§ GOAL OF THE EXERCISE
The copy you produce must hold every record exactly, and none of the images.

Saved entries
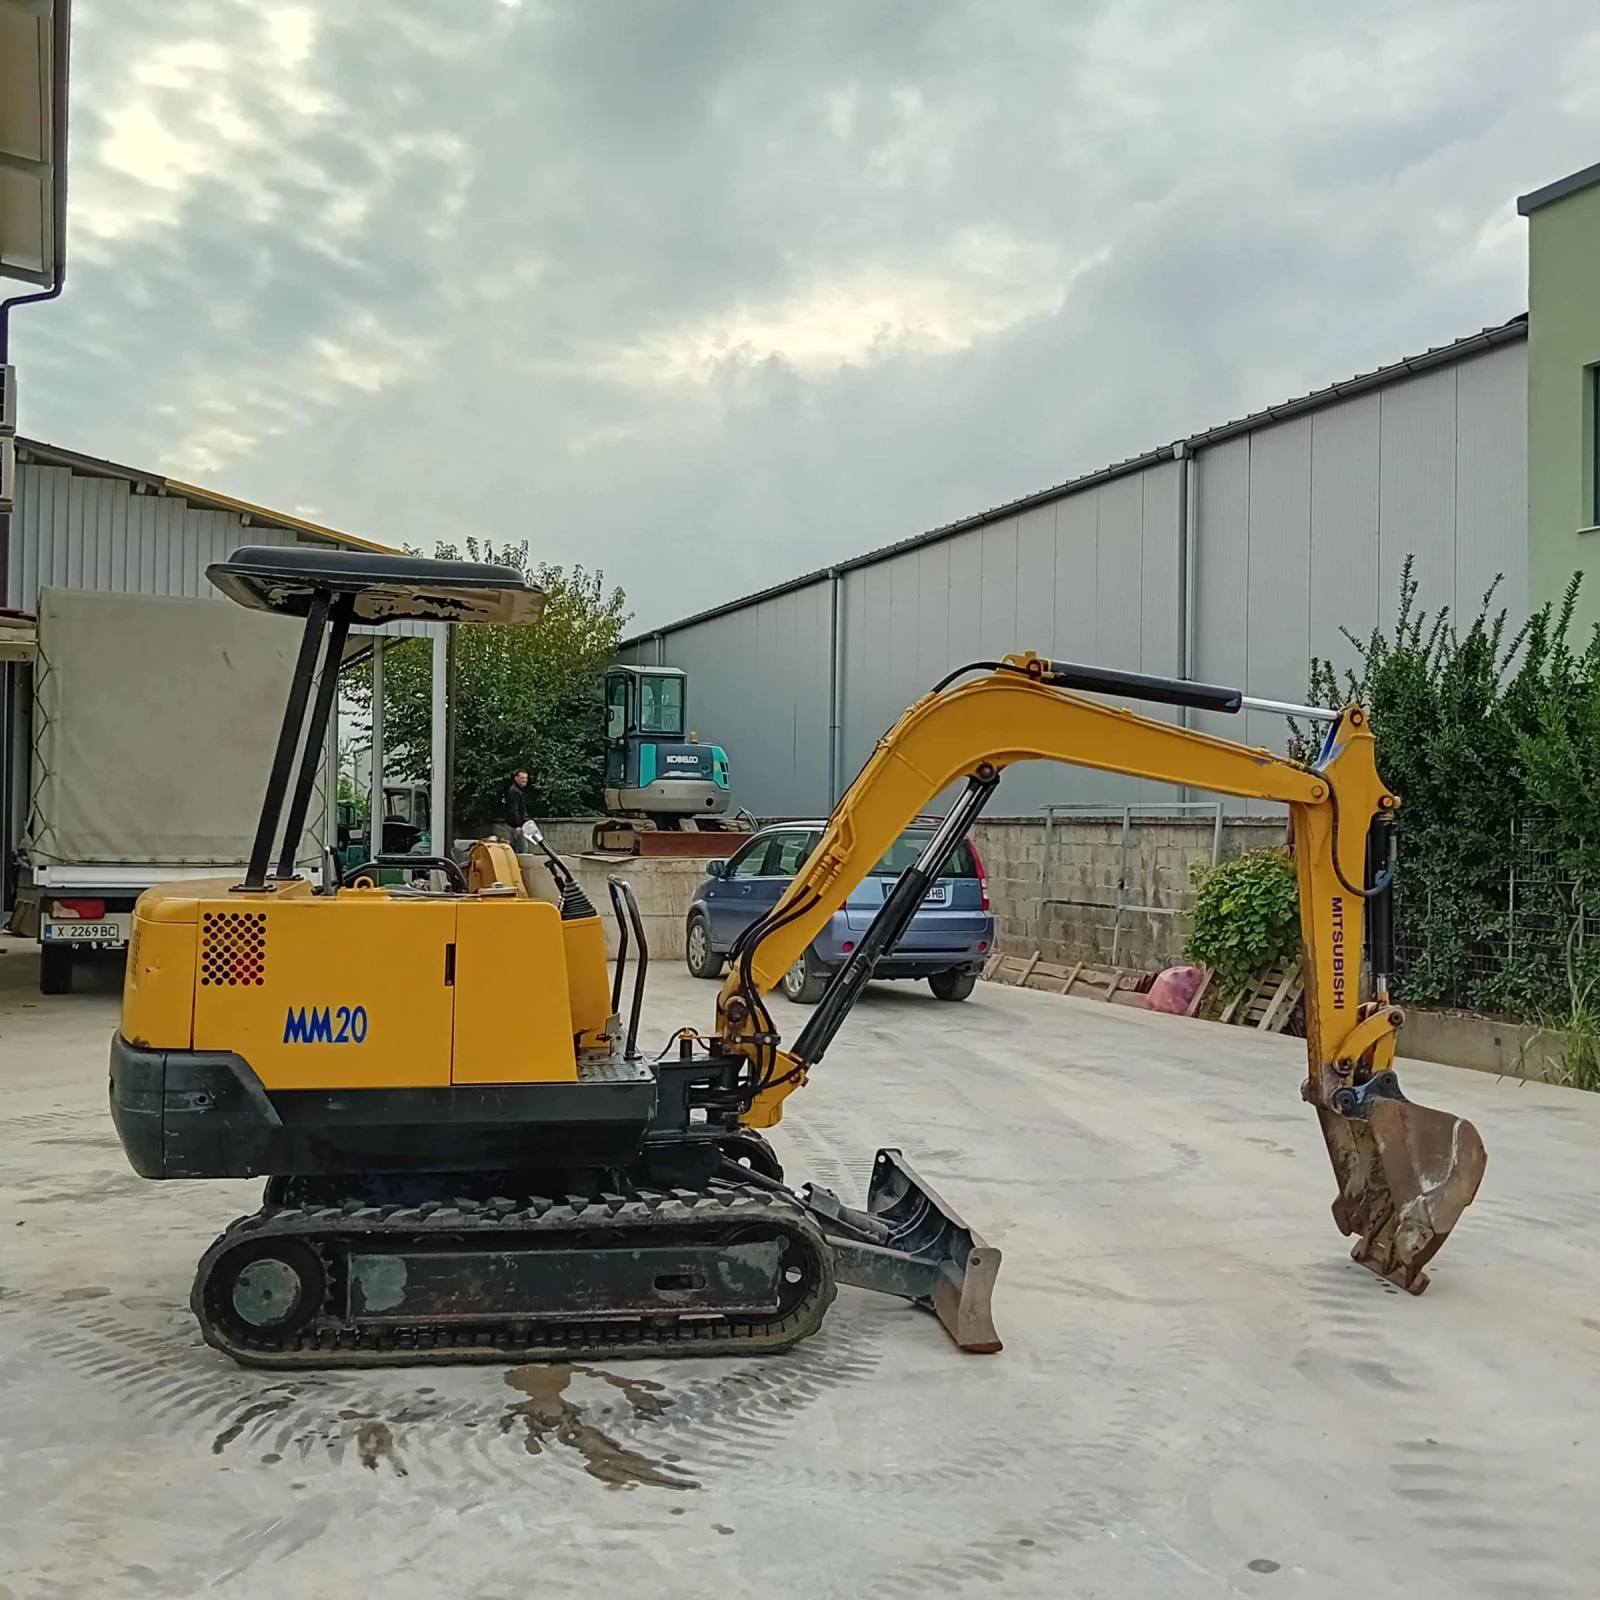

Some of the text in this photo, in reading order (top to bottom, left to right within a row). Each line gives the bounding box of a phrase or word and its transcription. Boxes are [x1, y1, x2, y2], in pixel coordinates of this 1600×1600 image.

[666, 755, 699, 764] KOBELCO
[57, 926, 116, 937] X 2269 BC
[1332, 897, 1345, 1010] MITSUBISHI
[283, 1005, 368, 1044] MM20

§ SOLUTION FOR THIS PROBLEM
Some of the text in this photo, in reading order (top to bottom, left to right within a row). Each line gives the bounding box of a phrase or word and its transcription. Boxes are [x1, y1, x2, y2], in pixel coordinates of this 1600×1600 image.

[666, 755, 699, 764] KOBELCO
[57, 926, 116, 937] X 2269 BC
[1332, 897, 1345, 1010] MITSUBISHI
[283, 1005, 368, 1044] MM20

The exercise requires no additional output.